[SUPPLIED MATERIAL]

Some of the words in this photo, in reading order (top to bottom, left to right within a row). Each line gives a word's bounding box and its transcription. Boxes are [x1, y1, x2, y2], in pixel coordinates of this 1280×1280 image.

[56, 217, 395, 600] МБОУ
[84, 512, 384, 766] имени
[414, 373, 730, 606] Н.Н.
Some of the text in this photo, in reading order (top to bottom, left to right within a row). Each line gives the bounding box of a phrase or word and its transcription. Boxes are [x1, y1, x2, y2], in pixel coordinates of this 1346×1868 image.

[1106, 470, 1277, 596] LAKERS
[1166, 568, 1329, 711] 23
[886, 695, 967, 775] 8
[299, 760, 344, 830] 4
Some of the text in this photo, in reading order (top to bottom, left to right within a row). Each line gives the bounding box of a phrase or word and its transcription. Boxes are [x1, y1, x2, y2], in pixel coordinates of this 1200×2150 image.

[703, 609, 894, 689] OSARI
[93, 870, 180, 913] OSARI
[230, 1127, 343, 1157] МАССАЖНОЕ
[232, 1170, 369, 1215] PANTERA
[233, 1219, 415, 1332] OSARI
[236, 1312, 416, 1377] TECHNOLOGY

[/SUPPLIED MATERIAL]

◆ WORK TASK ◆
Exact output of every entry is required.

◆ RESPONSE ◆
Some of the words in this photo, in reading order (top to bottom, left to right within a row). Each line gives a word's bounding box and its transcription. Boxes are [x1, y1, x2, y2], in pixel coordinates of this 1280×1280 image.

[56, 217, 395, 600] МБОУ
[84, 512, 384, 766] имени
[414, 373, 730, 606] Н.Н.
Some of the text in this photo, in reading order (top to bottom, left to right within a row). Each line gives the bounding box of a phrase or word and its transcription. Boxes are [x1, y1, x2, y2], in pixel coordinates of this 1346×1868 image.

[1106, 470, 1277, 596] LAKERS
[1166, 568, 1329, 711] 23
[886, 695, 967, 775] 8
[299, 760, 344, 830] 4
Some of the text in this photo, in reading order (top to bottom, left to right within a row). Each line gives the bounding box of a phrase or word and its transcription. Boxes are [x1, y1, x2, y2], in pixel coordinates of this 1200×2150 image.

[703, 609, 894, 689] OSARI
[93, 870, 180, 913] OSARI
[230, 1127, 343, 1157] МАССАЖНОЕ
[232, 1170, 369, 1215] PANTERA
[233, 1219, 415, 1332] OSARI
[236, 1312, 416, 1377] TECHNOLOGY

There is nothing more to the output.